Feb 04, 2020
Phylogenetic tree and ancestral sequence reconstruction
- 1University of California, Santa Barbara
- Santoro Lab @ UCSB
Protocol Citation: Matthew Kellom 2020. Phylogenetic tree and ancestral sequence reconstruction. protocols.io https://dx.doi.org/10.17504/protocols.io.6qrhdv6
License: This is an open access protocol distributed under the terms of the Creative Commons Attribution License, which permits unrestricted use, distribution, and reproduction in any medium, provided the original author and source are credited
Protocol status: In development
We are still developing and optimizing this protocol
Created: August 21, 2019
Last Modified: February 04, 2020
Protocol Integer ID: 27121
Keywords: ancestral, sequence, ASR, Phylogenetic tree,
Abstract
Protocol for the alignment, tree building, and ancestral sequence reconstruction of metagenomic protein coding sequences.
Guidelines
This protocol was used specifically for AMT ammonium transporter sequences from TARA Oceans and HOT/ALOHA datasets.
Materials
Programs used:
DIAMOND
TranslatorX
MAFFT
RAxML
IQ-TREE
MrBayes
FastML (Web)
FigTree
Before start
Make sure all of metagenome sequences are in FASTA nucleotide format. Target amino acid sequences should also be in FASTA format.

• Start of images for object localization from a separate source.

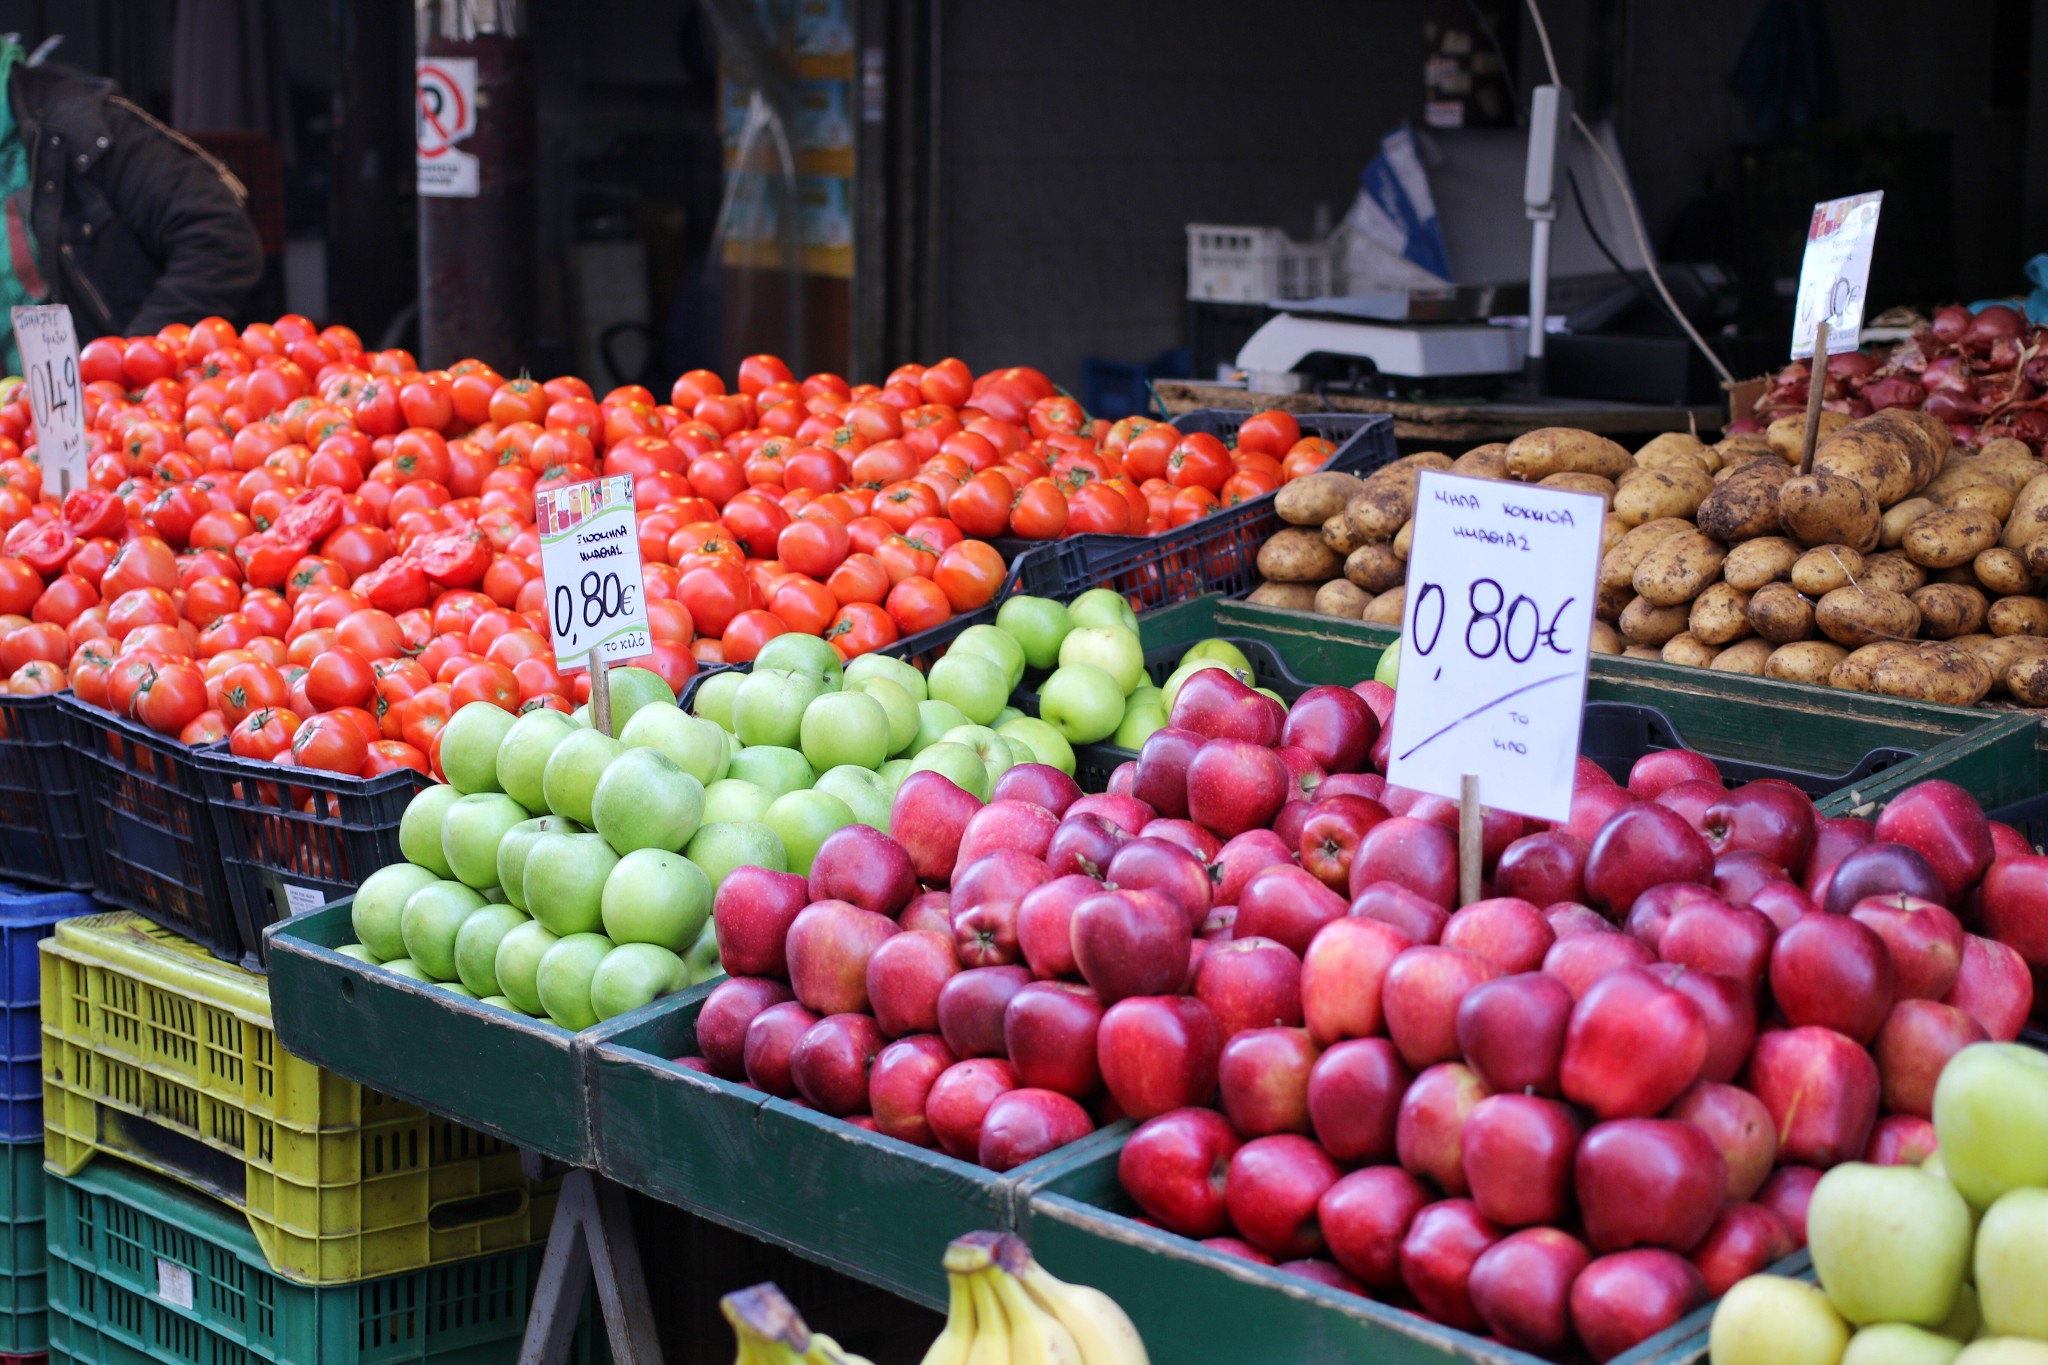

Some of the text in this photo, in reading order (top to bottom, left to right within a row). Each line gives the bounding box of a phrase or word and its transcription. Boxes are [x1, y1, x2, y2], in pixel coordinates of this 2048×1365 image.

[555, 570, 636, 646] 0,80€
[604, 632, 645, 652] το κιλό
[1509, 711, 1530, 725] ΤΟ
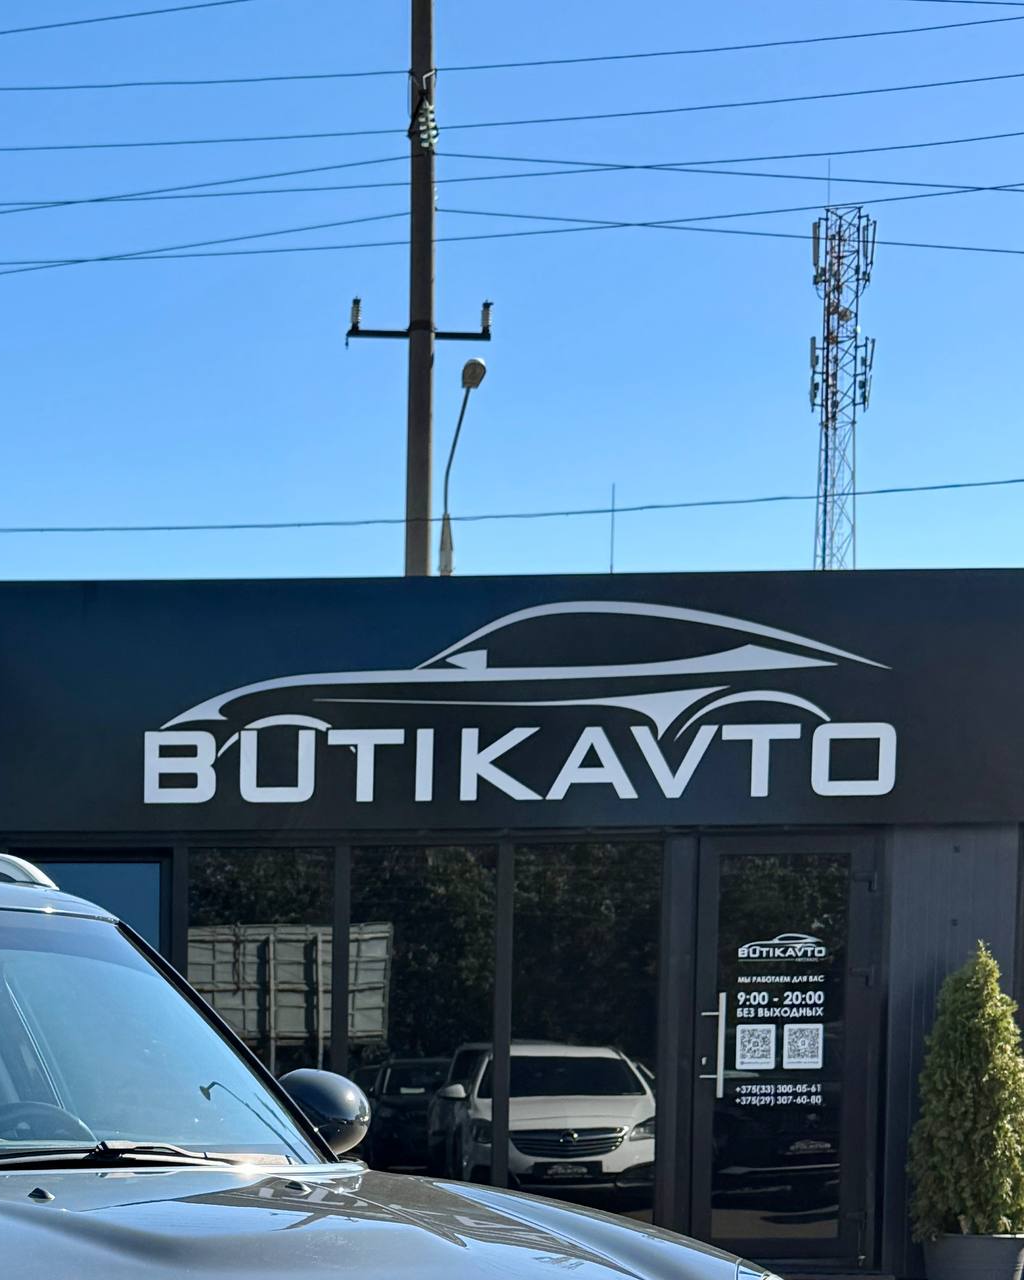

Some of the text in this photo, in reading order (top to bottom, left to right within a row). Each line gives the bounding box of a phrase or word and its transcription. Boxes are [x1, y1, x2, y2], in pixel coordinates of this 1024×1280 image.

[142, 721, 898, 804] BUTIKAVTO
[738, 946, 826, 958] BUTIKAVTO
[752, 975, 791, 983] РАБОТАЕМ
[737, 991, 769, 1006] 9:00
[783, 990, 825, 1005] 20:00
[736, 1006, 824, 1018] БЕЗ ВЫХОДНЫХ
[736, 1083, 822, 1095] +375(33) 300-05-61
[736, 1096, 775, 1106] +375(29)
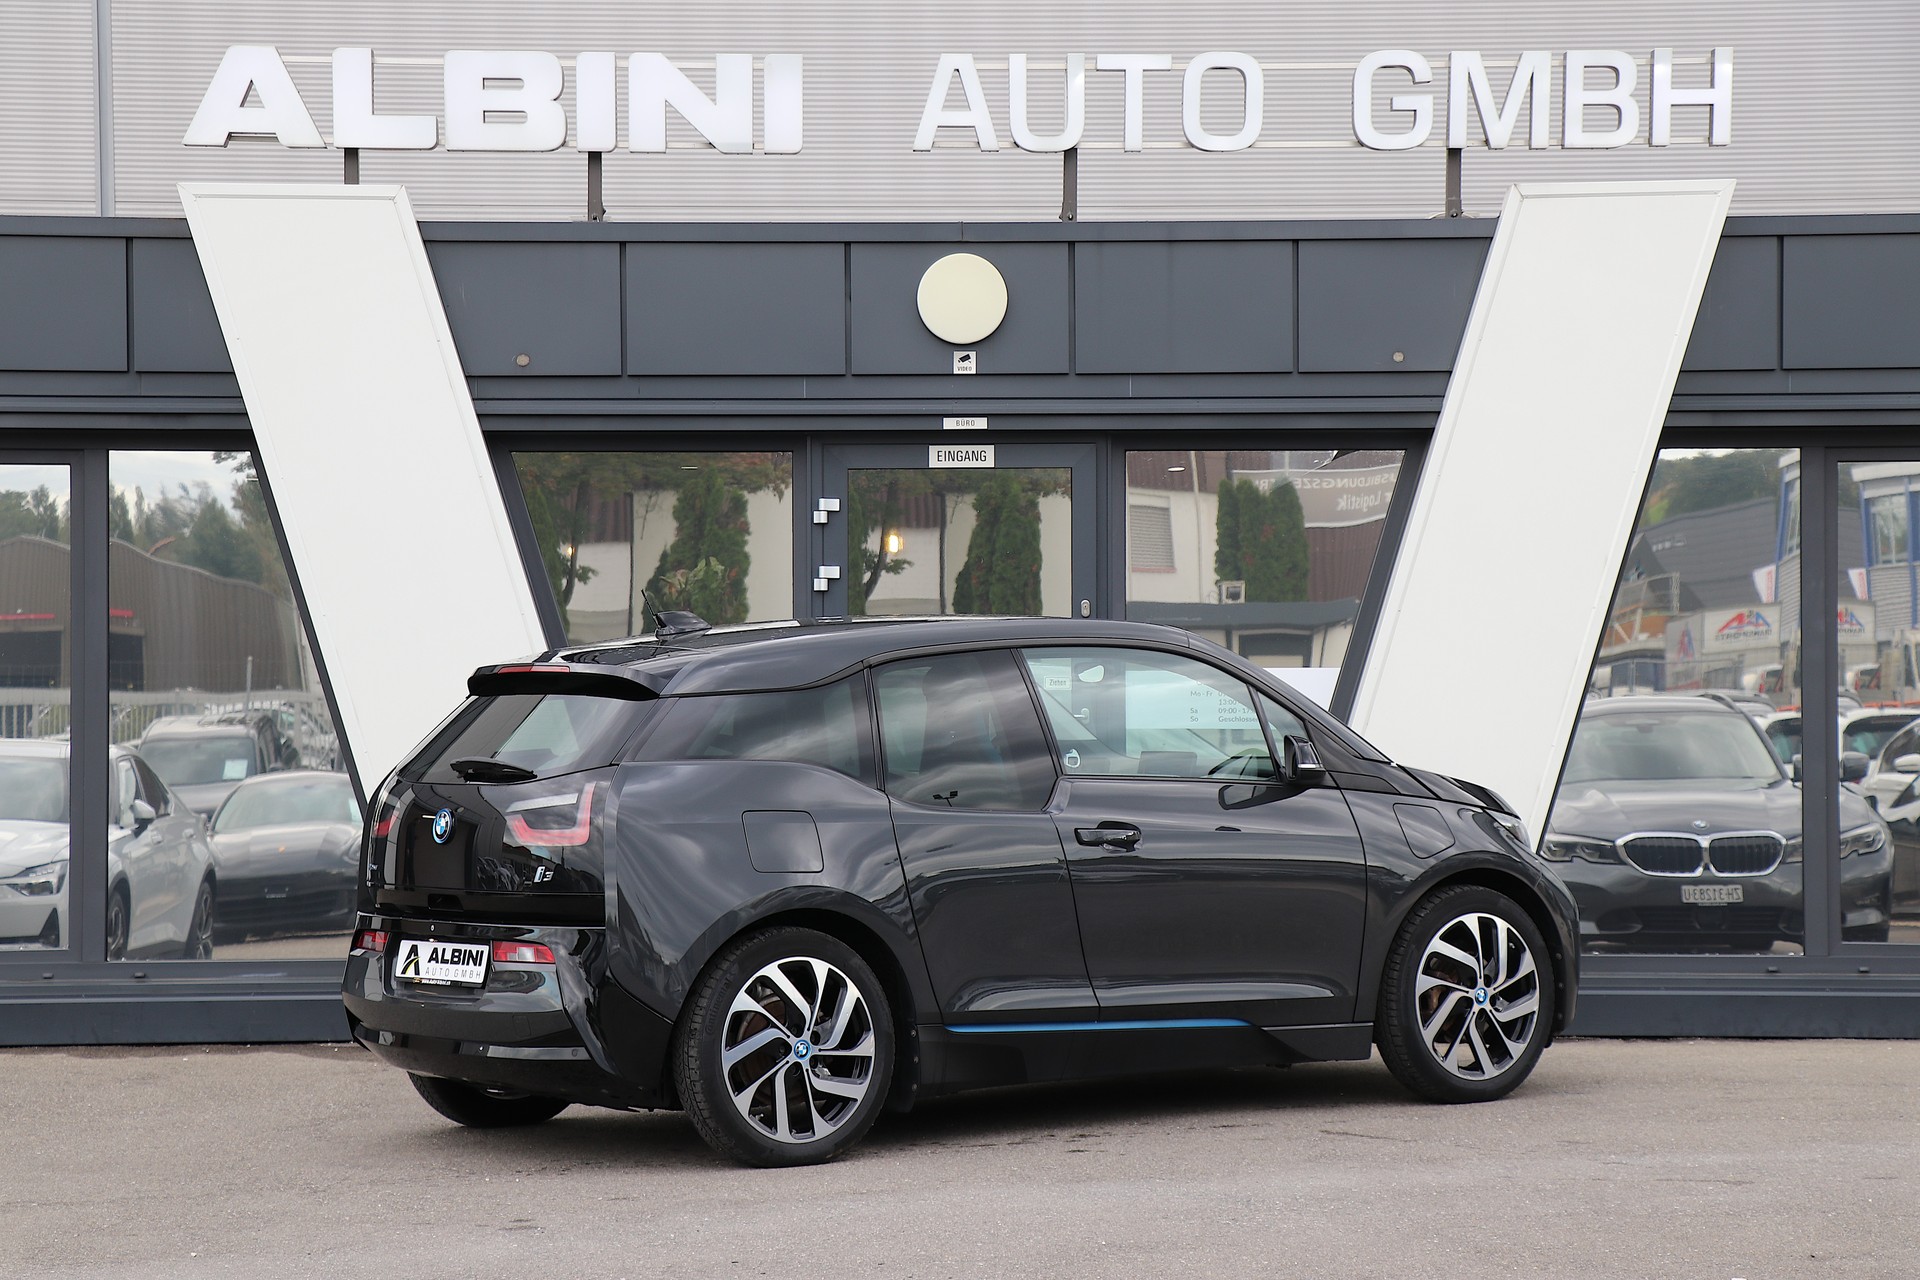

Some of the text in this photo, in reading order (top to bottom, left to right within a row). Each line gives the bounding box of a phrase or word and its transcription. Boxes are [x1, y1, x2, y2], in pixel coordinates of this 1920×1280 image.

[182, 44, 1734, 155] ALBINI AUTO GMBH
[955, 418, 976, 427] BÜRO
[937, 450, 987, 462] EINGANG
[1049, 678, 1067, 686] Ziehen
[533, 866, 554, 883] i3
[427, 947, 484, 966] ALBINI
[425, 967, 481, 979] AUTO GMBH

Obtain protein-coding metagenome FASTA files.
Obtain a set of amino acid sequences that are known/trusted target homologs (Uniprot works well for this).
Use DIAMOND (blastx can also be used but will be slower for large datasets) to search for target hits from within the metagenome sequences. Recommend an e-value cutoff of at least 1e-20.
Translate protein-coding target hits to amino acid sequences with TranslatorX.
Use DIAMOND (or BLAST) to annotate hits against a local copy of the NCBI nr database.
Choose taxa of interest, and select sequences of appropriate length for the protein from the metagenome hits.
Align the collected sequences and closely related complete outgroup sequence(s) with MAFFT. Recommend settings of --maxiterate 1000 --localpair
Make tree with RAxML. Recommend settings -f a -k -m PROTGAMMAAUTO
Inspect the tree to see if it makes sense. If a node looks out of place, consult the alignment and figure out why and if you want to keep it in the dataset.
Check RAxML amino acid substition model and branch support with IQTree. Recommend settings -m TEST -nt AUTO -alrt 10000
Branch support with MR Bayes. Will need to create a nexus and mbatch file. Recommend mbatch settings:
lset nst=6 rates invgamma;
prset aamodelpr=fixed(lg); (The model choice here should match the model that RAxML and IQTree select.
mcmcp ngen=1000000 nruns=2 nchains=4 samplefreq=100 printfreq=10000 relburnin=yes burninfrac=0.25;
mcmc;
sumt;
sump;
Submit the MAFFT alignment and RAxML best_tree to the FastML web portal (http://fastml.tau.ac.il/). You can use the local version of this but I found it easier to just use the web portal. Be sure to select Amino Acids and the correct model from the tree building. Use Gamma Distribution and Maximum Liklihood. Deselect Optimize Branch Lengths and joint reconstruction.
Obtain the 25 most probable ancestral sequences at the nodes of interest from the FastML results page and visualize the tree results in FigTree.